Background The mesenchymal stem cells (MSCs) were used to repair tissue injury. However, the treatment effect was not satisfactory. We investigated whether lncRNA MIR155HG could promote survival and migration of MSCs under oxidative stress, which mimics in vivo environments. Furthermore, we studied the protective effect of exosomes secreted by MSCs transfected with MIR155HG on endothelial cells. This study aimed to determine whether exploiting MSCs and exosomes modified with lncRNA MIR155HG would exert synergistic therapeutic effect to attenuate vein graft intimal hyperplasia more effectively. Methods Lentivirus containing lncRNA MIR155HG overexpressing vector was packaged and used to infect MSCs. Then, CCK-8 assay, flow cytometry, Transwell assay, and Elisa assay were used to assess the functional changes of MSCs with overexpressed MIR155HG (OE-MSCs). Furthermore, the associated pathways were screened by Western blot.

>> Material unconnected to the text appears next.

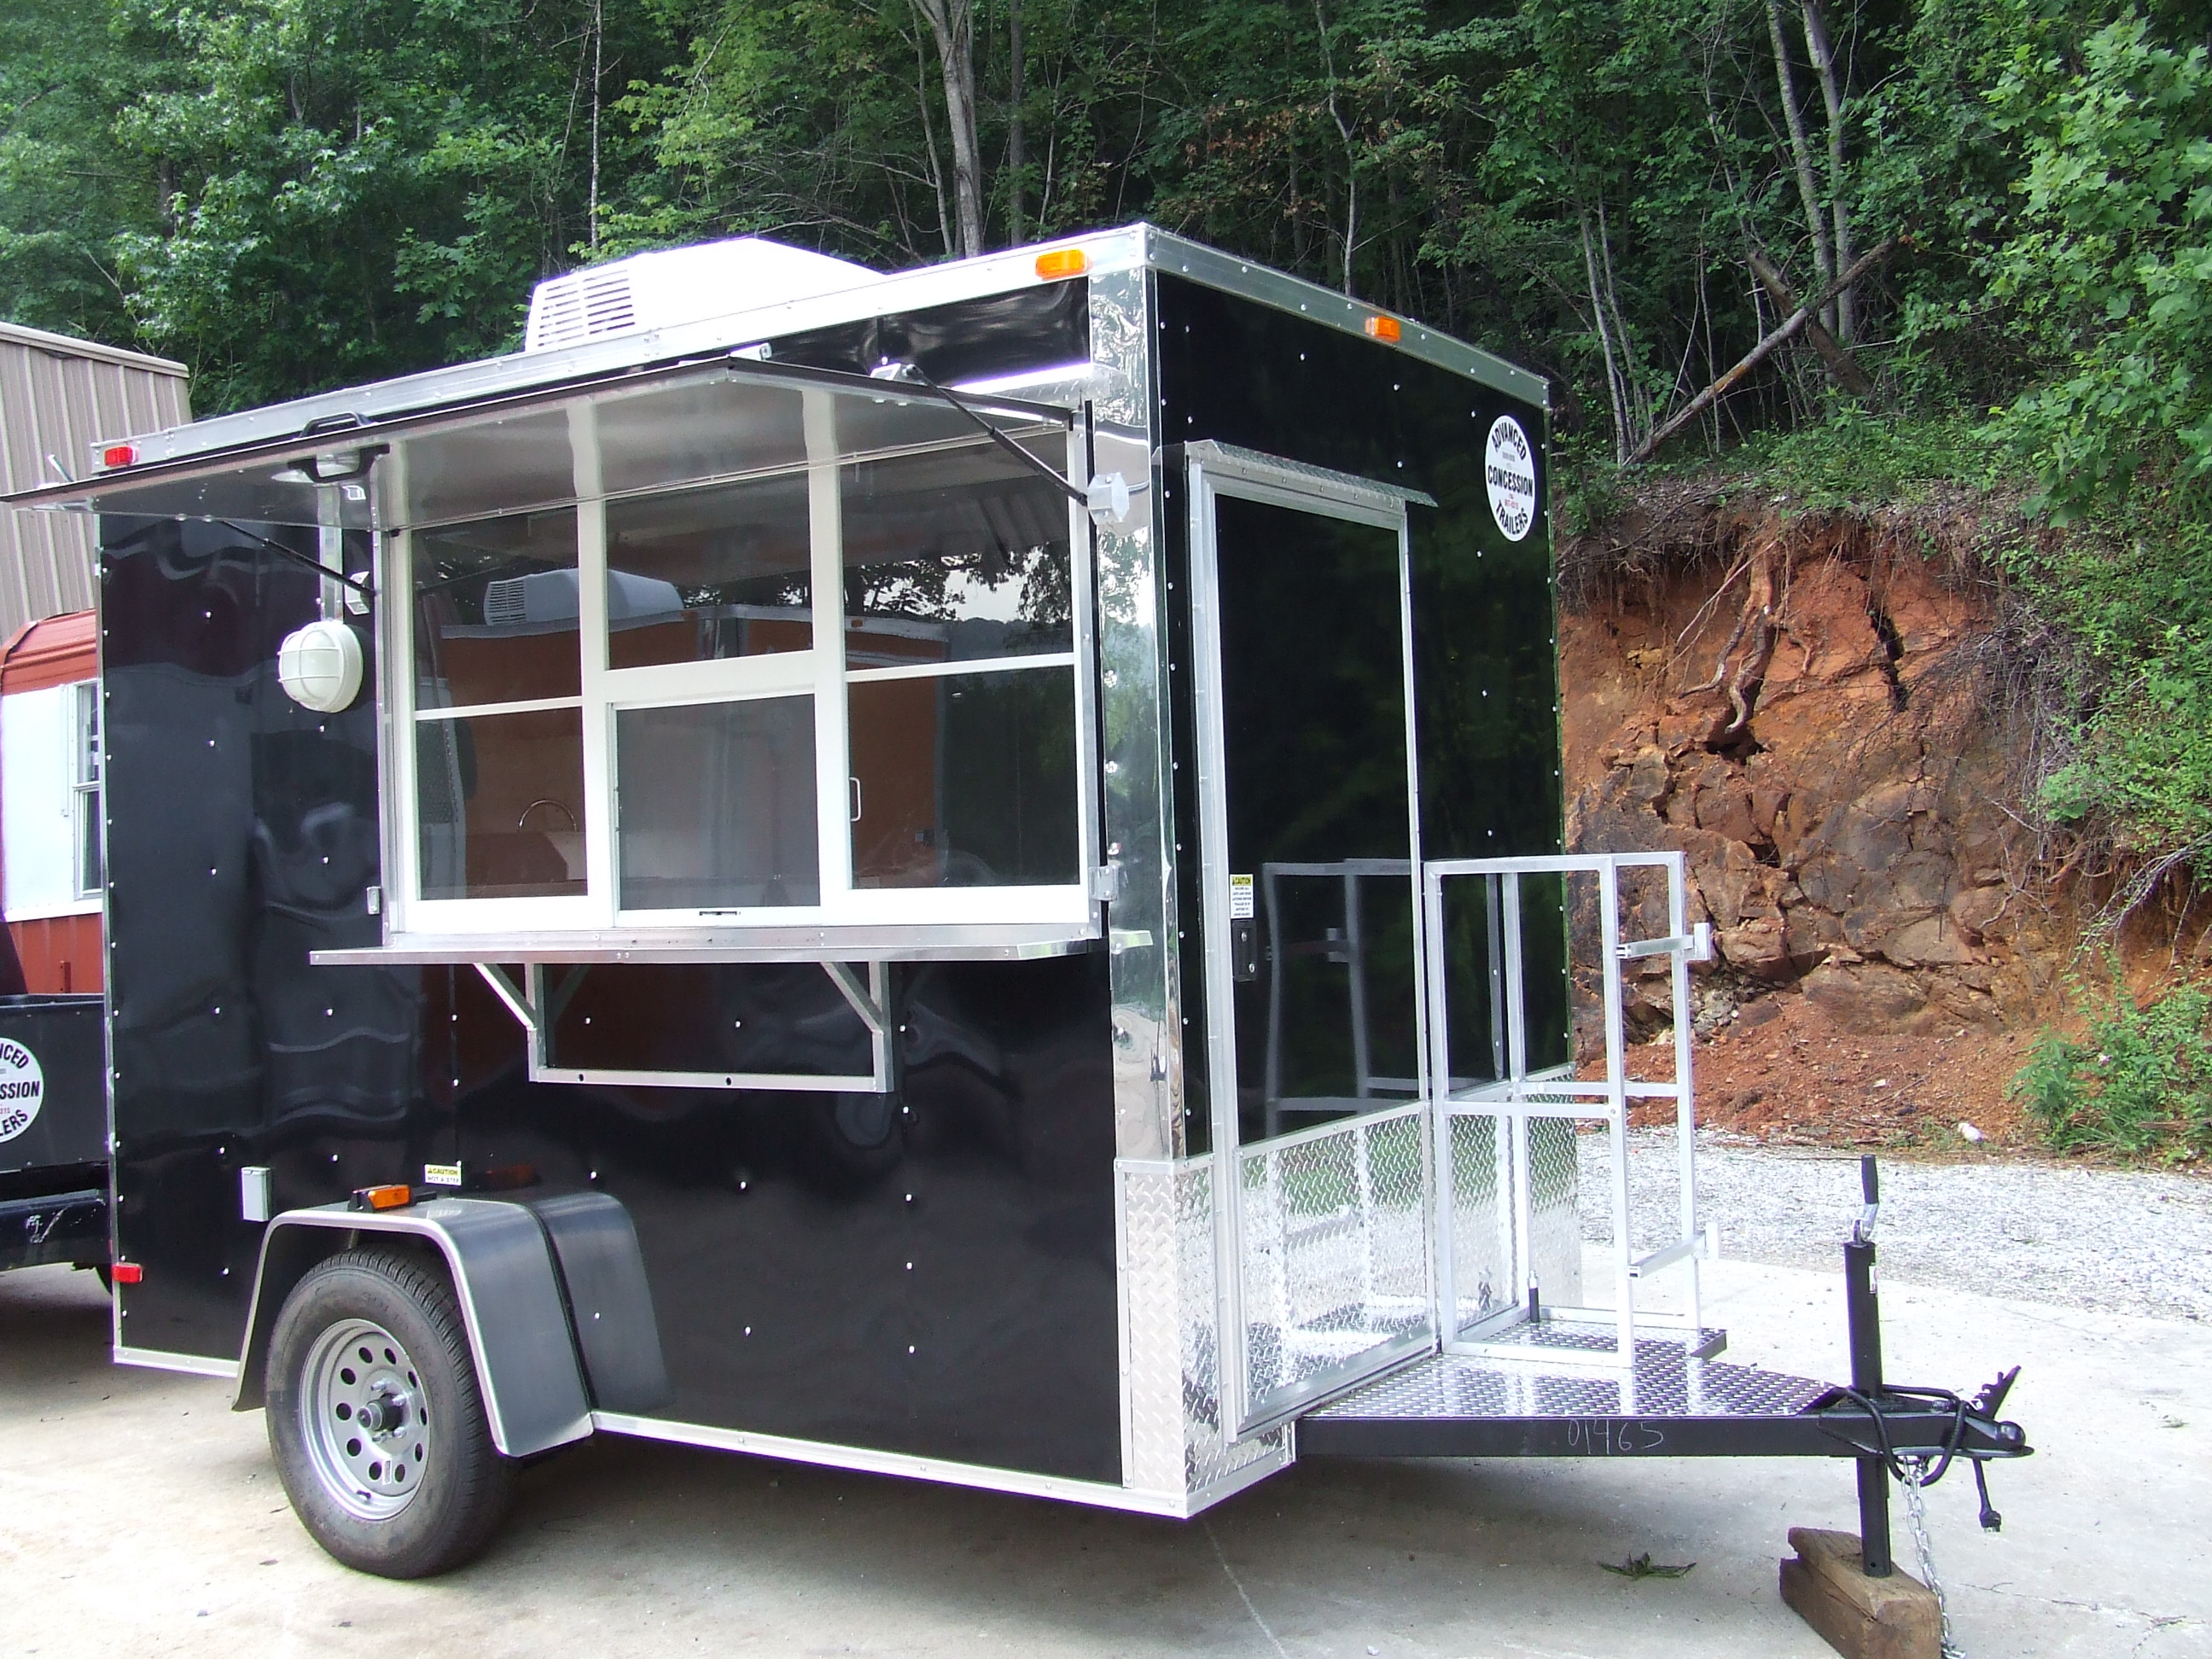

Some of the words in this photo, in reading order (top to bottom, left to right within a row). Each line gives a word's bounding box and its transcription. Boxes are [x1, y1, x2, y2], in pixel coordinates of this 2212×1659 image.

MIR155HG-MSCs-derived exosomes (OE-exo) were collected and co-cultured with human umbilicus vein endothelial cell (HUVEC). We validated the protective effect of OE-exo on HUVEC. In vivo, both MSCs and exosomes modified with MIR155HG were injected into a vein graft rat model via tail vein. We observed MSCs homing and intimal hyperplasia of vein graft using a fluorescent microscope and histological stain. Results Our study found that lncRNA MIR155HG promoted proliferation, migration, and anti-apoptosis of MSCs. NF-kappa B pathway took part in the regulation process induced by MIR155HG. OE-exo could enhance the activity and healing ability of HUVEC and reduce apoptosis. In vivo, OE-MSCs had a higher rate of homing to vascular endothelium. The combined treatment with OE-MSCs and OE-exo protected vascular endothelial integrity, reduced inflammatory cell proliferation, and significantly attenuated intimal hyperplasia of vein graft. Conclusion LncRNA MIR155HG could promote the survival and activity of MSCs, and reduce the apoptosis of HUVECs using exosome delivery. Exploiting MSCs and exosomes modified with MIR155HG could attenuate vein graft intimal hyperplasia more effectively and maximize the surgical effect.